Everyone tried avoiding the word “migration” after the 14th session of the EU-Tunisia Association Council meeting but it still hung in the air when the EU announced massve financial assistance for the next three years to the southern Mediterranean country.
The European Union is going to spend additionally 300 million euro in 2018, the Neighborhood Policy and Enlargement Commissioner Johannes Hahn told the press after the meeting held in Brussels on 15 May. The money will go for the “creation of a vibrant economic environment” in Tunisia that can open jobs and engage young people in the country.
Thus, the EU financial assistance under the European Neighbourhood Instrument for a second year in the row goes at the maximum level with the EU pledging to keep the same amount till 2020.
The number of the economic migrants from the Maghreb region to Europe is on the rise and since last summer is overcoming the flows from Libya. The EU border and coast guard agency Frontex warned in its annual risk report that the bigger ships, caring more migrants to Europe are now sailing from the Tunisian and Moroccan shores.
According Frontex data from March Tunisians have become the second largest national group after Eritreans currently arriving in Italy through the Central Mediterranean route. The European Commission also reports and increase of legal departures from Tunisia to Italy, from 999 in 2016 to over 6,000 in 2017.
With high level of unemployment, young people are fleeing Tunisia in the hundreds, desperate to find better lives in Europe. Data shows that over 35% of the 15 to 24-years-old are jobless and the official unemployment rate is 14,7%, not that far from the 18,3% at the peak of the crisis in 2011.
Tunisian foreign minister Khémaies Jhinaoui denied more migrants are heading to Europe insisting:
Tunisia has made colossal efforts to control the border better and the number of Tunisians who emigrate is far less than a few years ago”.
But the EU is still hoping to sign an readmission agreement with its North African neighbor no later than in 2019.
In return the EU is ready to help, the EU top diplomat Federica Mogherini assures:
Tunisia is a privileged partner and will continue to have our support during the difficult period of democratic transition and social and economic transformation”.
The European Commission approved in October the disbursement of the second tranche of a €200 million loan to Tunisia, part of the second Macro-Financial Assistance (MFA-II) programme of €500 million.
The money announced by Commissioner Hahn is in supplementary grants that are coming on top of the EU injection for the state budget. The 300 million is the largest possible amount the EU could give Tunisia, the joint declaration of the Association Council meeting stated.

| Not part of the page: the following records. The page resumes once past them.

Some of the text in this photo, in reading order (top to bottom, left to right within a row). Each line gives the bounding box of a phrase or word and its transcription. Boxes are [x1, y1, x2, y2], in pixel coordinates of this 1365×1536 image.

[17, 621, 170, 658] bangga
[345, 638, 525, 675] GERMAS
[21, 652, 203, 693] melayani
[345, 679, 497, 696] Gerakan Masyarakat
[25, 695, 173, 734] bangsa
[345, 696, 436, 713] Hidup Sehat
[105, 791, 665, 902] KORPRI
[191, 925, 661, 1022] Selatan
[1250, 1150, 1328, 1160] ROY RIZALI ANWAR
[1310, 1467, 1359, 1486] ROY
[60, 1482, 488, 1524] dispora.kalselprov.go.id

Another €25 million EUR of support go to attract EU innovators to Tunisia with the aim of opening up to 1000 start-ups, providing with means mostly young entrepreneurs.
The EU is planning in the coming months to start three more programmes for Tunisia to support competitiveness and trade, financial inclusion and energy efficiency, the European Commission has said after the Council meeting.

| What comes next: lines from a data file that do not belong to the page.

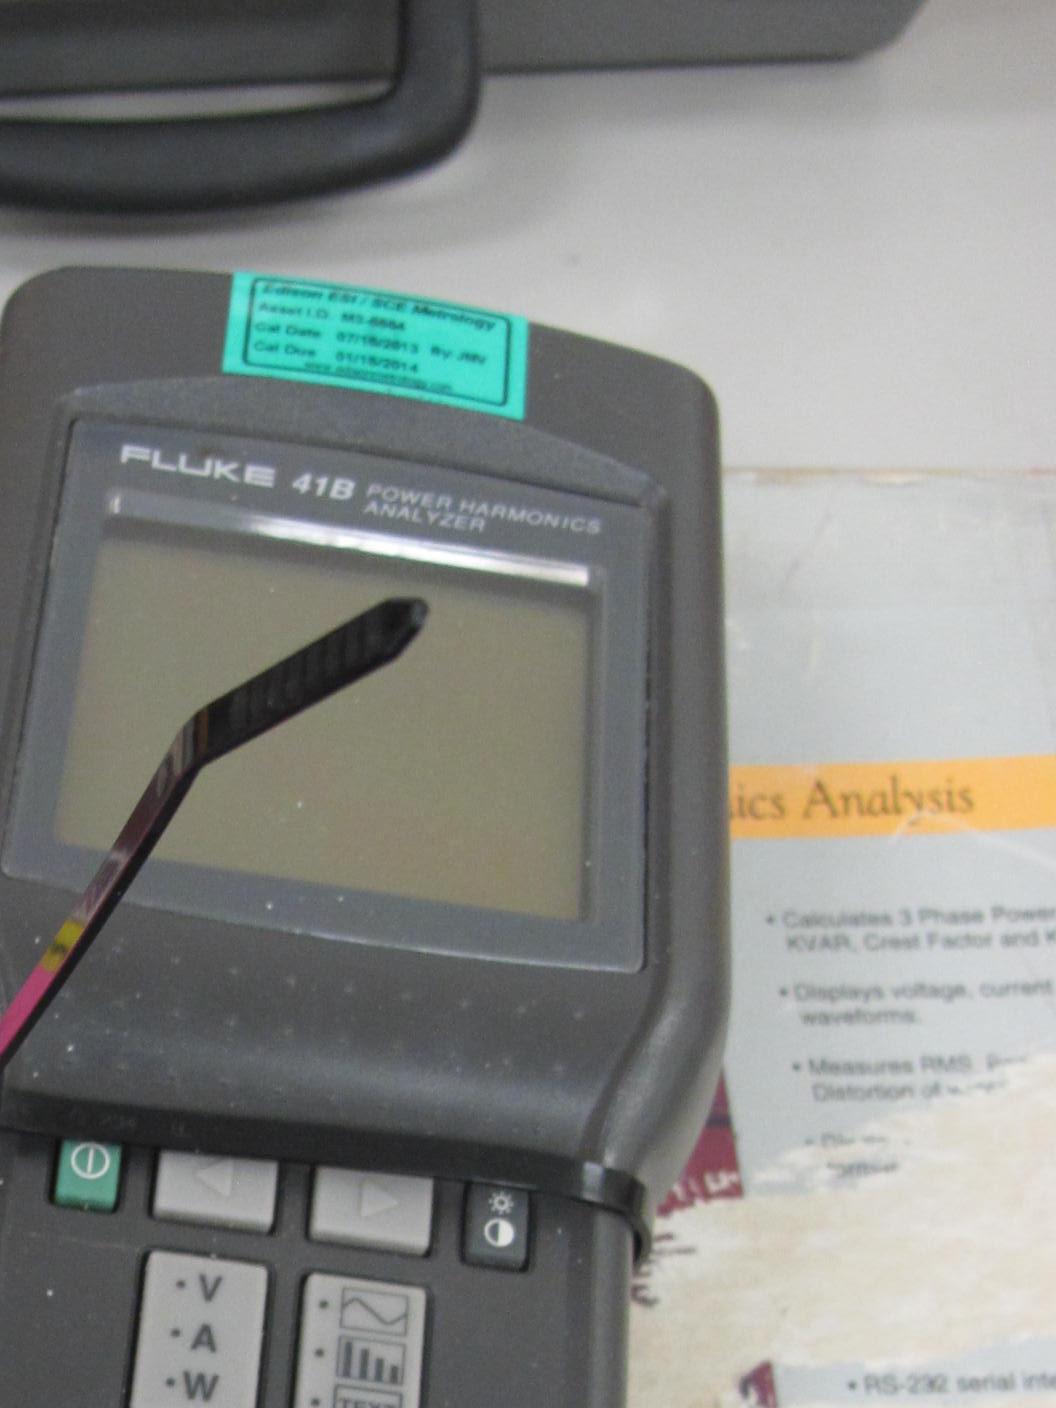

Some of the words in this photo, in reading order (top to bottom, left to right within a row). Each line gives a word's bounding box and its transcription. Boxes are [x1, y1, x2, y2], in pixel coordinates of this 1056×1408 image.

[120, 445, 277, 488] FLUKE
[291, 472, 357, 502] 41B
[365, 482, 456, 512] POWER
[459, 490, 604, 536] HARMONICS
[362, 502, 487, 533] ANALYZER
[801, 773, 977, 827] Analysis
[782, 909, 893, 928] Calculates
[917, 906, 985, 924] Phase
[794, 982, 884, 1003] Displays
[808, 1057, 914, 1075] Measures
[199, 1273, 223, 1301] V
[190, 1323, 218, 1354] A
[182, 1370, 220, 1402] W

Expanding future opportunities for youth will be a major component of our efforts. In addition to the € 25 million program that will create 1,000 Tunisian startups, particularly for young people, the EU will fund a new program dedicated to youth focusing on employment, employability and innovative initiatives for young Tunisians to help the socio-economic revival of the country”, the final document from the meeting states.
Since 2011 the EU has provided over €10 billion assistance to Tunisia, over 2 billion in grants, and around 7,6 billion in loans. A new mission with participation of the EU financial institutions is under preparation and is expected in the country before the end of the year to look for more options for job creation.
However, the EU generosity seems not inspired by the success of reforms as Commissioner Hahn stresses “no amount of investment will work without necessary reforms”, adding “the current economic situation urges for acceleration of reform work”.
To push for more visible results the president of the European Commission Jean-Claude Juncker is planning to visit Tunis in July. The EU is hoping the work on the free trade agreement and on readmission to be finished by the end of 2019.
The Tunisian foreign minister Khémaies Jhinaoui (pictured) speaking after the meeting in Brussels said more financial support from the EU would be needed to integrate the young in the Tunisian labour market.
Tunisia sees Europe not just as a sizable partner in economic terms but also as democratic model we want to emulate”, the minister underlined.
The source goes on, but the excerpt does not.